In order to verify the effectiveness of Multi-Column Heterogeneous Convolutional Neural Networks, three representative datasets in image classification field were selected as experimental datasets, namely MNIST, CIFAR-10 and Caltech-256. The MNIST dataset is a hand-written character dataset. The images are all grayscale images with a total of 70,000 images. The image classes are 0 to 9 total ten handwritten fonts. There are 10 types of objects in the CIFAR-10 dataset, and the pictures are all RGB images; The Caltech-256 dataset has 256 objects, all RGB images. The difficulty of dataset recognition is gradually increasing, which is helpful to verify the validity and generalization ability of the proposed method.

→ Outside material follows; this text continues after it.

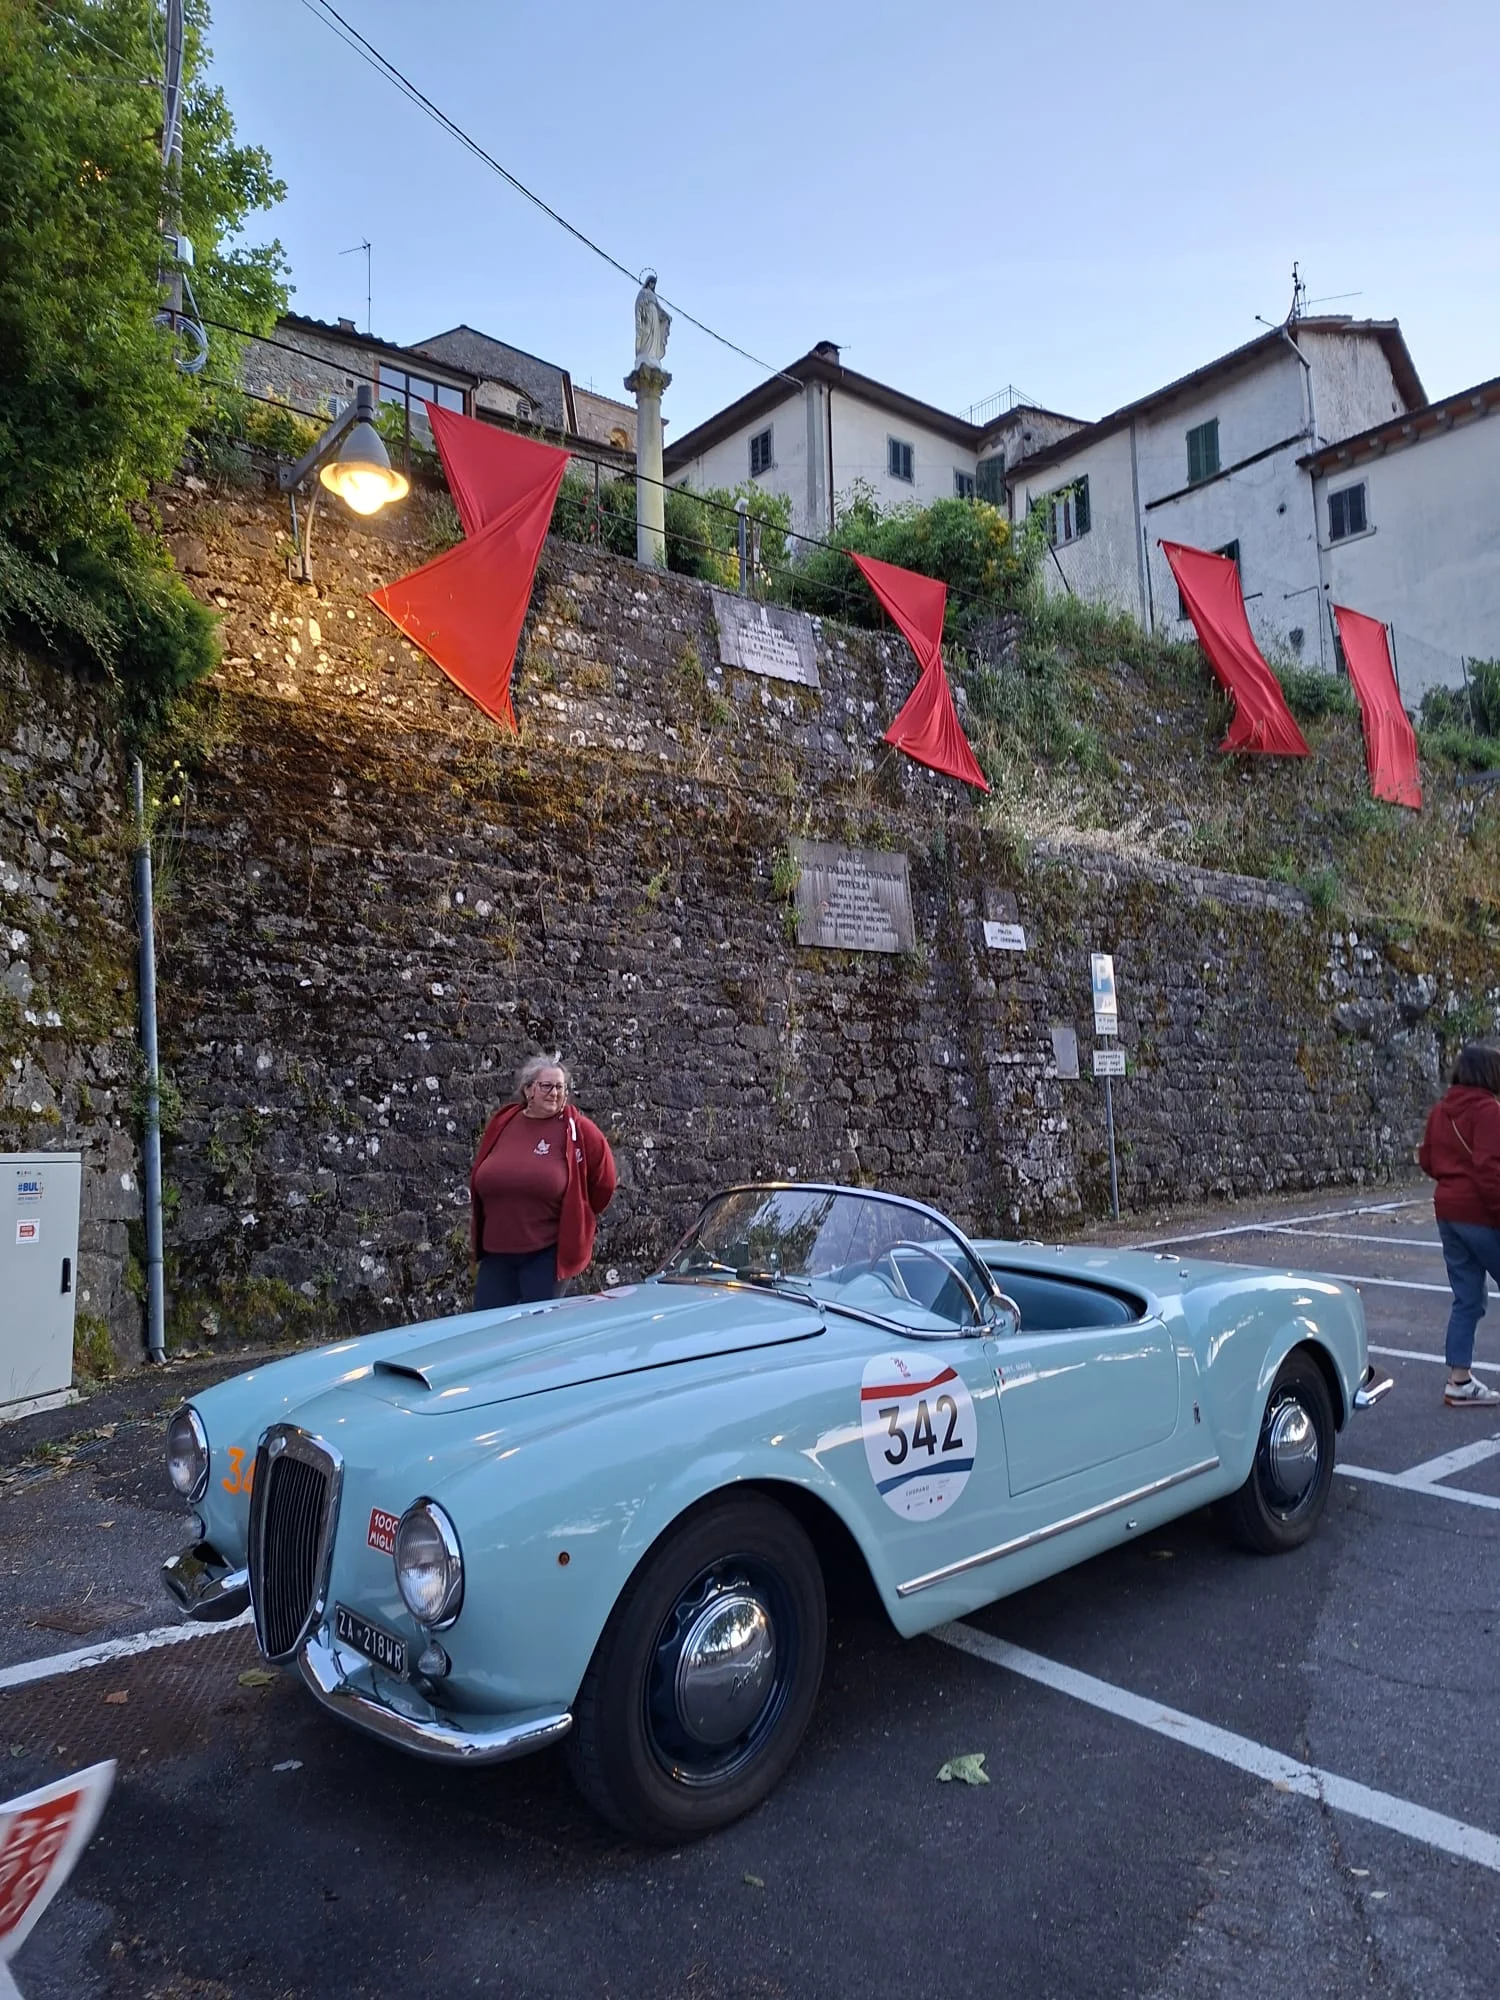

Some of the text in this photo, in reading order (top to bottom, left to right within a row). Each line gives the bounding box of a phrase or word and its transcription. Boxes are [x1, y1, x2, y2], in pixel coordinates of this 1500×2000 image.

[878, 1394, 963, 1466] 342
[339, 1611, 402, 1671] ZA 218WR

3.1 Network for MNIST dataset

The MNIST hand-written character dataset consists of 60,000 training pictures and 10,000 test pictures, all of which are 32*32 grayscale pictures.

In the structure design of Multi-Column Heterogeneous Convolutional Neural Networks, a total of eight convolutional neural network models with different network structures were created in the experiment. The detailed information of these convolutional neural networks is shown in Table 1.

Table 1
Multi-Column Heterogeneous Convolutional Neural Network for MNIST

Network	Conv1	Conv2	Pooling	FC	Output
CNN1	16(3*3)	32(3*3)	2*2	128	10
CNN2	16(5*5)	32(3*3)	2*2	128	10
CNN3	16(7*7)	32(3*3)	2*2	128	10
CNN4	32(3*3)	64(3*3)	2*2	128	10
CNN5	32(5*5)	64(3*3)	2*2	128	10
CNN6	32(7*7)	64(3*3)	2*2	128	10

In Table 1, Conv1 and Conv2 represent convolutional layers, and Pooling represents a pooling layer. In the convolutional layer, m(n*n) indicates that the number of feature maps in this layer is m and the convolution kernel size is n*n. The pooling layer uses a convolution kernel size of 2*2, uses non-overlapping downsampling regions, and uses an average downsampling strategy. FC is a fully connected layer with a feature vector length of 128. Output is the output layer, which represents the judgment of the digital class. The activation function uses the most widely used RELU activation function.

The classification function uses the Softmax classifier. Softmax classifier calculates and returns the probability values of each class, and then selects the class with the largest predicted probability as the result. The formula for Softmax is as follows:

$\displaystyle h_{\theta}\left({x^{(i)}}\right)=\left[{{\begin{array}[]{c}{p% \left({y^{(i)}=1\left|{x^{(i)};\theta}\right.}\right)}\\ {p\left({y^{(i)}=2\left|{x^{(i)};\theta}\right.}\right)}\\ \vdots\\ {p\left({y^{(i)}=k\left|{x^{(i)};\theta}\right.}\right)}\\ \end{array}}}\right]=\frac{1}{\sum\limits_{j=1}^{k}{e^{\theta_{j}^{T}x^{(i)}}}% }\left[{{\begin{array}[]{c}{e^{\theta_{1}^{T}x^{(i)}}}\\ {e^{\theta_{2}^{T}x^{(i)}}}\\ \vdots\\ {e^{\theta_{k}^{T}x^{(i)}}}\\ \end{array}}}\right].$ (1)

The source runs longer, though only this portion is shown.